Le financement de la campagne 2017 d’Emmanuel Macron a soulevé une succession de scandales, enterrés un à un par les médias. Le Président de la République a bénéficié d’une clémence particulière de la part de la Commission nationale des comptes de campagne et des financements politiques (CNCCFP) et de la justice. Les sommes soulevées sont pourtant inédites pour un ovni en politique. Les ristournes très nombreuses pour le candidat des milieux financiers. L’insoumission a compilé de manière exclusive les différentes affaires autour du financement de la campagne de Macron.
16 millions d’euros récoltés auprès de particuliers : du jamais vu dans l’Histoire des campagnes présidentielles
Entre la création d’En Marche en mars 2016 et décembre 2017, la folle somme de 15 994 076 euros a été levé par Emmanuel Macron. Du jamais vu pour un candidat se lançant à partir d’aucun parti politique pré-existant. Loin de la communication du candidat autour d’un financement soit-disant « populaire » de sa campagne, les chiffres des Macron Leaks et de la Commission nationale des comptes de campagne et des financements politiques (CNCCFP) révèlent une réalité diamétralement opposée.
Près de la moitié (48%) des dons en soutiens à la campagne d’Emmanuel Macron, sont du fait de gros donateurs. Le candidat Macron n’aurait jamais pu financer sa campagne sans une infime fraction de donateurs fortunés. 48 % des 16 millions d’euros de la campagne, ont en effet été récoltés grâce à « seulement » 1 212 dons de 4 500 euros et plus. Ces gros chèques ont été d’autant plus essentiels qu’ils ont longtemps représenté l’essentiel des ressources dont disposait le candidat.
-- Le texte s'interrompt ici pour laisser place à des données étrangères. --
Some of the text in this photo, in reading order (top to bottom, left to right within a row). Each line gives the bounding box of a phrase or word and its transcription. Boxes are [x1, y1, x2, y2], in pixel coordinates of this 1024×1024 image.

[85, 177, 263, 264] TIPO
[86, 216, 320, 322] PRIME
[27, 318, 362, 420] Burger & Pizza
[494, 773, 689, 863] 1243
La moitié de la campagne financée par de riches donateurs de l’ouest parisien
La loi autorise un particulier à donner 7 500 euros par an à un parti politique. Ce même particulier peut également donner jusqu’à 4 600 euros au candidat de son choix par élection. Selon les calculs de France culture, 800 personnes ont financé la moitié de la campagne Macron en multipliant les dons au montant maximum : 7 500 euros (6,5 smic !) à En Marche dès 2016, 7 500 euros à nouveau en 2017, et 4 600 euros à l’association de campagne du candidat. Certains de ces gros donateurs ont également multiplié cette somme par deux au nom de leur conjoint(e), le chèque ou le virement partant du même compte commun.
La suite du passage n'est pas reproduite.